Shares in Ansell Limited (ASX: ANN) are clawing back some of yesterday’s losses with its downbeat profit results and outlook commentary prompting shareholders to cut and run.

But the company still has a few growth levers it can pull and management may yet issue a profit upgrade before the end of the calendar year.

The stock jumped 1.4% to $24.20 during lunch time trade but that’s not even half of its 3.9% tumble on Monday after management reported a 22.1% plunge in earnings before interest and tax (EBIT) and a 1.2% drop in total revenue to $766.4 million for the six months to end December 2017.

Rising input costs are one factor weighing on earnings but the rubber products maker is also undergoing a restructuring and has sold its condoms business.

If you excluded the impact of that along with other one-off costs, EBIT would have actually risen 3.1%, although you shouldn’t get too excited.

It seems that the gains are all driven by currency movements. If you allow for that, adjusted EBIT would have dipped 2.1%.

However, management is actively on the prowl for takeover targets and an astute buy will almost definitely trigger an earnings upgrade on top of the modest one management  provided yesterday when it lifted its FY18 earnings per share (EPS) range to between $0.96 and $1.06 from $0.91 to $1.01 a share.

The company has enough in its war chest to make a sizable acquisition.

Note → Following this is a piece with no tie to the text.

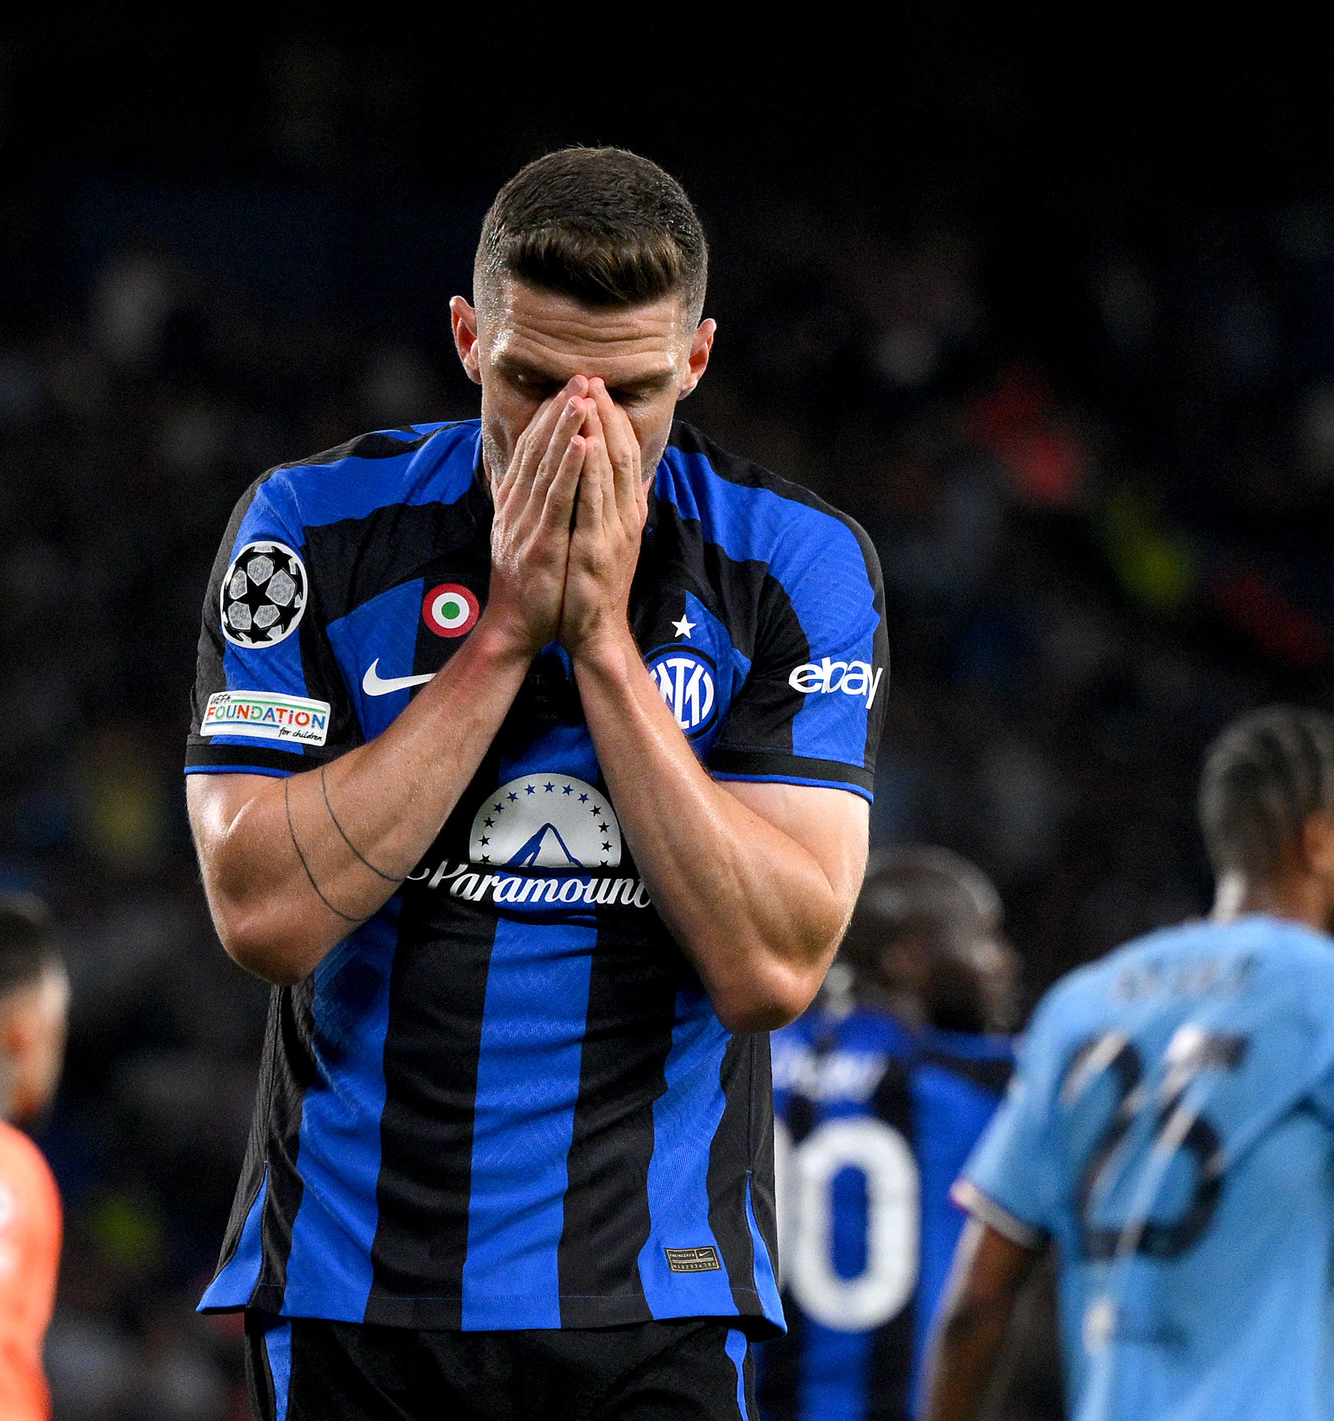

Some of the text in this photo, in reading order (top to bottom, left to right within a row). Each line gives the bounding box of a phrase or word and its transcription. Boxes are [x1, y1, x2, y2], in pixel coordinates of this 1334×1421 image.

Morgan Stanley estimates Ansell will have around US$67 million net cash by end of FY18.

If the market likes the acquisition, it will also trigger a re-rating in the stock (meaning investors are willing to pay a higher multiple for the stock).

But Ansell may not need mergers and acquisitions (M&A) to get a re-rating. Morgan Stanley is convinced that the market will re-rate the stock in the second half of this financial year as investors become more comfortable with Ansell’s second half earnings outlook. The broker is urging investors to buy the stock with a price target of $27.64 a share.

It isn’t only Morgan Stanley that holds this upbeat view. Morgans (not to be confused with Morgan Stanley) is also predicting a stronger second half for Ansell and has an “add” recommendation on the stock with a target price of $26.30.

“Notably, the new channel strategy looks to be accelerating, with 1H inked agreements more than double those seen in all of FY17,” said Morgans.

“And despite some margin headwinds, with a volume/mix focus in lieu of price, expect profitability to improve.”

But Ansell isn’t the only blue-chip investment that should be on your radar. The experts at the Motley Fool have nominated their top three blue-chips to buy this year.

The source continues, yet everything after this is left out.